Si tratta esattamente della descrizione del principio della camera obscura (o camera oscura, detta anche camera ottica) strumento che finalmente ci porta a parlare del lavoro di Bellotto e Canaletto, noti soprattutto per le vedute di Venezia, ma attivi anche in altre città d’Italia e d’Europa visitate durante viaggi di lavoro o in alcuni casi diventate luogo di residenza (Roma, Firenze, Verona, la Lombardia, Londra, Dresda, Vienna, Monaco di Baviera, Varsavia).
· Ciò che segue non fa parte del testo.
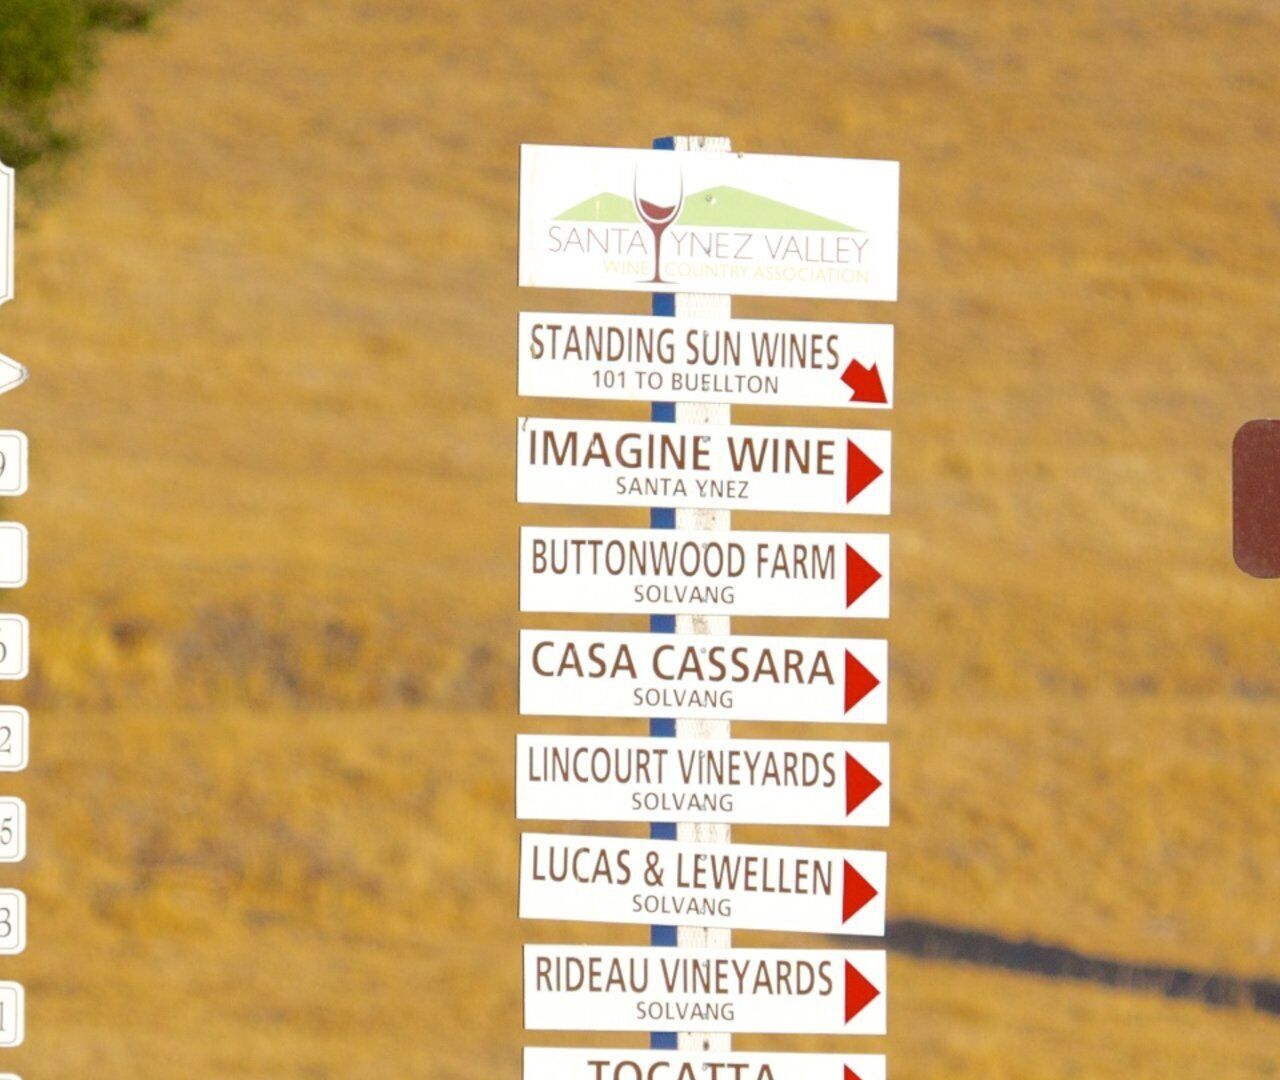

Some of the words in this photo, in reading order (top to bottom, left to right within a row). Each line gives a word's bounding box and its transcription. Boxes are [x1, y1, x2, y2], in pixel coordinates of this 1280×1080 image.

[549, 226, 648, 255] SANTA
[670, 231, 754, 260] YNEZ
[764, 235, 869, 264] VALLEY
[603, 259, 650, 276] WINE
[664, 262, 749, 279] COUNTRY
[753, 265, 870, 284] ASSOCIATION
[530, 323, 675, 365] STANDING
[686, 330, 741, 366] SUN
[751, 332, 839, 370] WINES
[593, 370, 627, 388] 101
[635, 371, 663, 390] TO
[672, 373, 779, 394] BUELLTON
[529, 430, 711, 471] IMAGINE
[727, 437, 835, 475] WINE
[616, 477, 688, 497] SANTA
[696, 479, 749, 498] YNEZ
[531, 539, 745, 578] BUTTONWOOD
[757, 543, 836, 580] FARM
[634, 584, 735, 604] SOLVANG
[531, 641, 638, 679] CASA
[652, 644, 835, 685] CASSARA
[633, 688, 734, 708] SOLVANG
[528, 747, 669, 784] LINCOURT
[677, 749, 837, 788] VINEYARDS
[632, 793, 734, 812] SOLVANG
[532, 845, 631, 885] LUCAS
[643, 851, 664, 886] &
[677, 853, 833, 895] LEWELLEN
[632, 895, 732, 917] SOLVANG
[535, 956, 649, 993] RIDEAU
[660, 958, 833, 996] VINEYARDS
[636, 1001, 736, 1021] SOLVANG
All’ingresso della mostra delle Gallerie d’Italia di Milano (visitabile fino al 5 marzo), il primo oggetto che ci accoglie, racchiuso entro una teca trasparente, è proprio una camera oscura portatile in legno appartenuta forse (ma secondo alcuni studiosi probabilmente no) a Canaletto. Il primo quadro della mostra, una tela di Canaletto, è il Campo Santi Giovanni e Paolo (circa 1738), di cui sono arrivati a noi anche gli schizzi preparatori (visibili in mostra su un monitor), fatti certamente con l’ausilio di una camera obscura.

Schizzi preparatori per la tela Campo Santi Giovanni e Paolo (circa 1738) di Canaletto.
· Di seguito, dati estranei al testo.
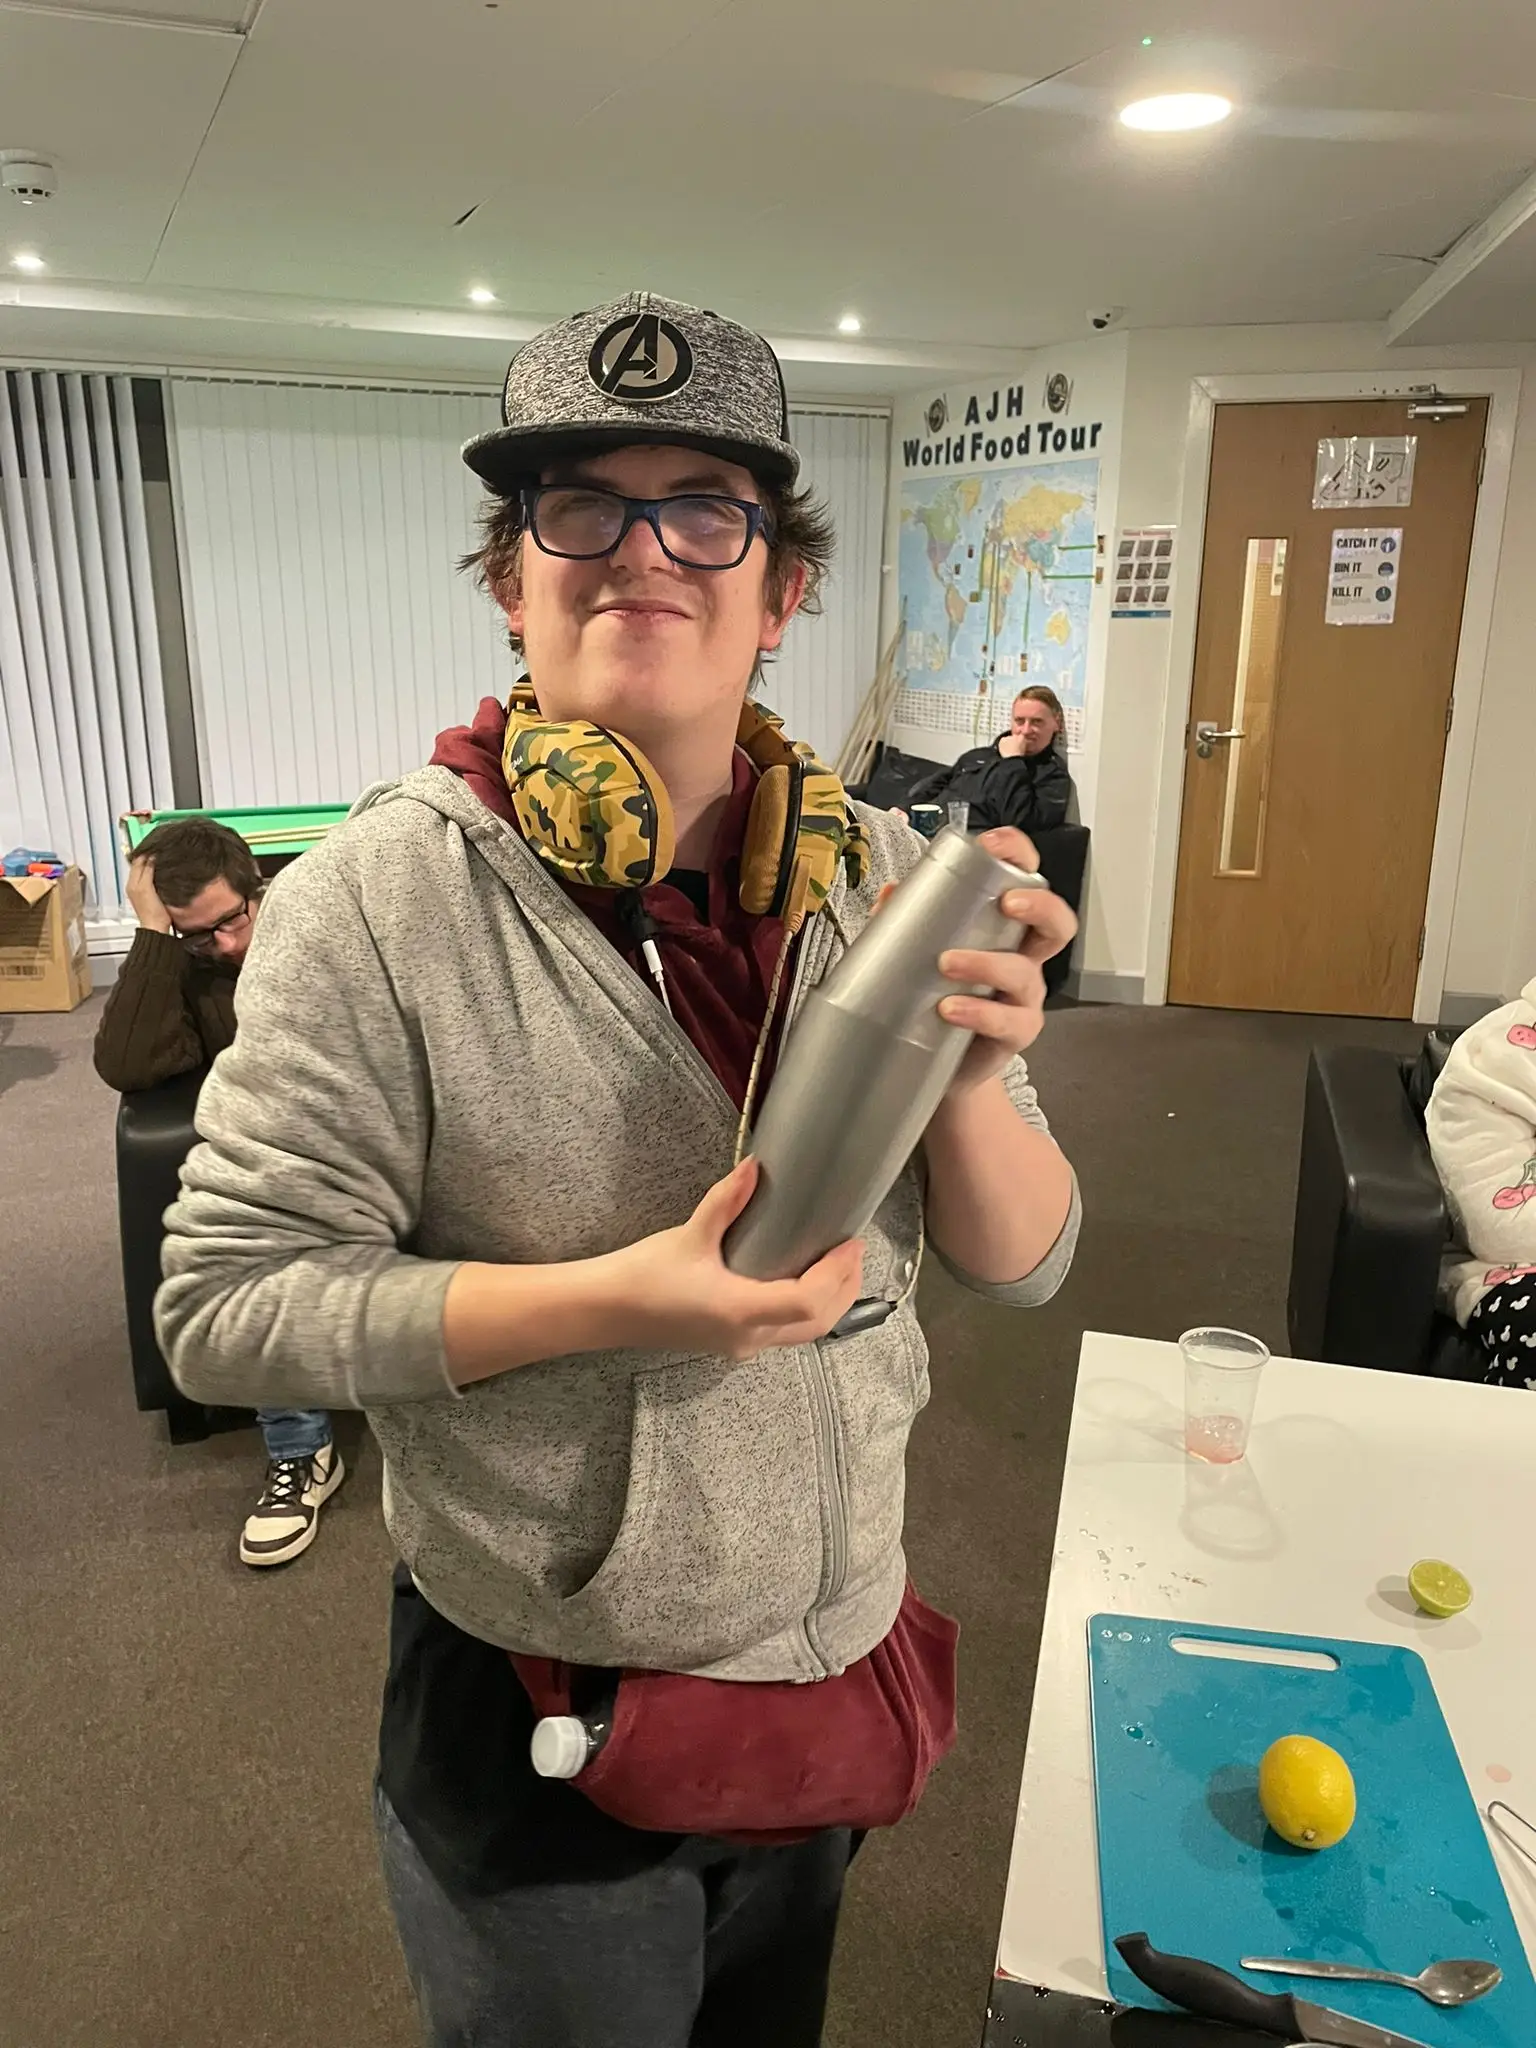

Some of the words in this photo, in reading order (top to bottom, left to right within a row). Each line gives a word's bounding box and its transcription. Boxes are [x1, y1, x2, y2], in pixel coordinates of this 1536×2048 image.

[964, 385, 1023, 426] AJH
[903, 434, 965, 467] World
[970, 424, 1031, 461] Food
[1037, 421, 1102, 453] Tour
[1336, 538, 1366, 549] CATCH
[1369, 537, 1378, 548] IT
[1334, 562, 1350, 573] BIN
[1352, 562, 1362, 573] IT
[1332, 586, 1351, 598] KILL
[1353, 586, 1363, 597] IT
Quello che colpisce a prima vista nel quadro è una precisione e un apparente realismo “di qualità fotografica”, ma un confronto diretto con quell’angolo di Venezia, tutt’oggi conservato quasi esattamente come all’epoca del dipinto, permette di scoprire che l’artista ha, sì, operato partendo da una ricognizione fatta per mezzo della camera ottica, ma ha anche arbitrariamente spostato il suo punto di osservazione tra uno schizzo e l’altro, tra una seduta di disegno e l’altra. Così facendo, ma ricomponendo con maestria più “riprese” fatte da punti di osservazione distinti, come dimostrato nel 1959 dallo storico dell’arte e massimo studioso della prospettiva Decio Gioseffi, Canaletto crea l’illusione di un punto di vista unico, più lontano, ma oggettivamente impossibile da realizzare nella pratica per la presenza di edifici al di qua del canale, il Rio dei Mendicanti, che si trova in primo piano nel quadro. Nelle parole della curatrice della mostra, Bożena Anna Kowalczyk: “un’immagine altamente sofisticata, irreale nelle proporzioni dei monumenti e nelle distanze, ma di grande bellezza.”
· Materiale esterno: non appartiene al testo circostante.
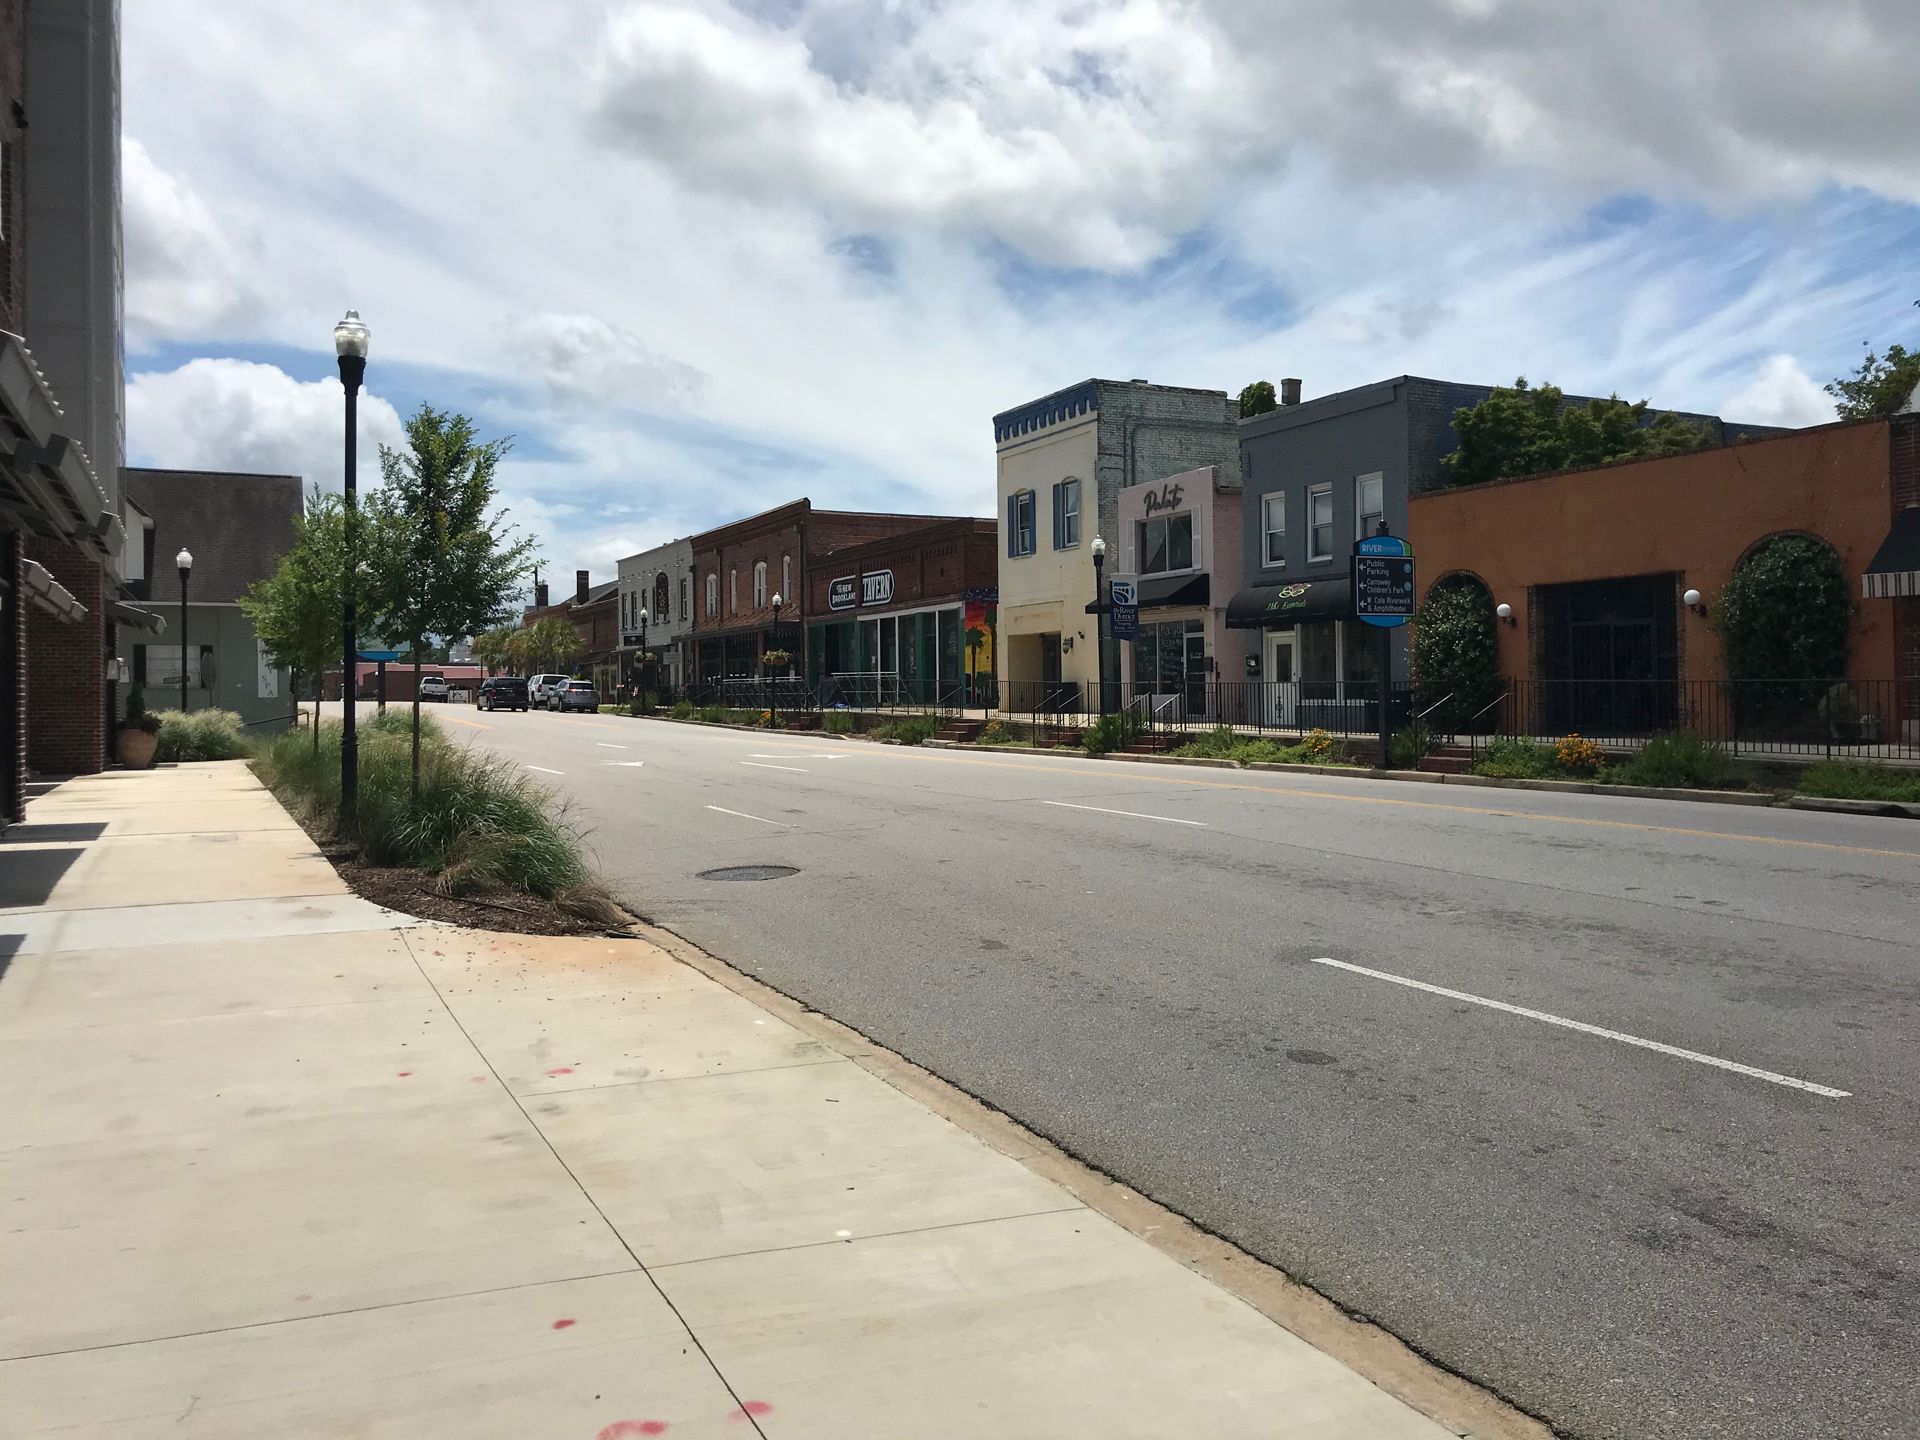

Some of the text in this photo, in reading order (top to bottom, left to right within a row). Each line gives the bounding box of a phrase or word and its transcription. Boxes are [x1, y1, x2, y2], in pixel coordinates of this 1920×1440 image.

[1143, 484, 1184, 517] Palate
[1361, 544, 1382, 553] RIVER
[1366, 560, 1385, 568] Public
[1366, 568, 1390, 577] Parking
[842, 584, 852, 593] NEW
[863, 574, 890, 601] TAVERN
[1392, 586, 1405, 594] Park
[1374, 596, 1386, 604] Cola
[1386, 597, 1411, 605] Riverwalk
[1120, 606, 1135, 614] River
[1113, 612, 1136, 620] District
E qui torniamo alla domanda con cui abbiamo aperto l’articolo: per rappresentare la realtà del mondo preferiamo un pittore o un topografo, un artista o un geometra? La risposta, visti i risultati e soprattutto considerati i procedimenti e le strumentazioni utilizzate, sembra essere meno netta del previsto. Svelato il mistero dell’utilizzo “creativo” di uno strumento di conoscenza oggettiva come la camera ottica opteremmo per un tipo particolare di artista, come appunto Bellotto e Canaletto, che abbia fatta sua un’impostazione come quella qui ben descritta:

“Quelli che s’innamorano della pratica senza la scienza, sono come i nocchieri che entrano in naviglio senza timone o bussola, che mai hanno certezza dove si vadano. Sempre la pratica dev’essere edificata sopra la buona teorica, della quale la prospettiva è guida e porta, e senza questa nulla si fa bene” . Leonardo da Vinci – Trattato della Pittura, parte seconda - 77. Dell'errore di quelli che usano la pratica senza la scienza.

 

Cover: Antonio Canal, detto il Canaletto, Campo santi Giovanni e Paolo, 1738 ca, olio su tela, 46,4x78,1 cm, Londra, Royal Collection. Prestato da Sua Maestà Elisabetta II e visibile nella mostra “Bellotto e Canaletto. Lo stupore e la luce”, dal 25 novembre 2016  al 5 marzo 2017 alle Gallerie d’Italia, Piazza della Scala, Milano.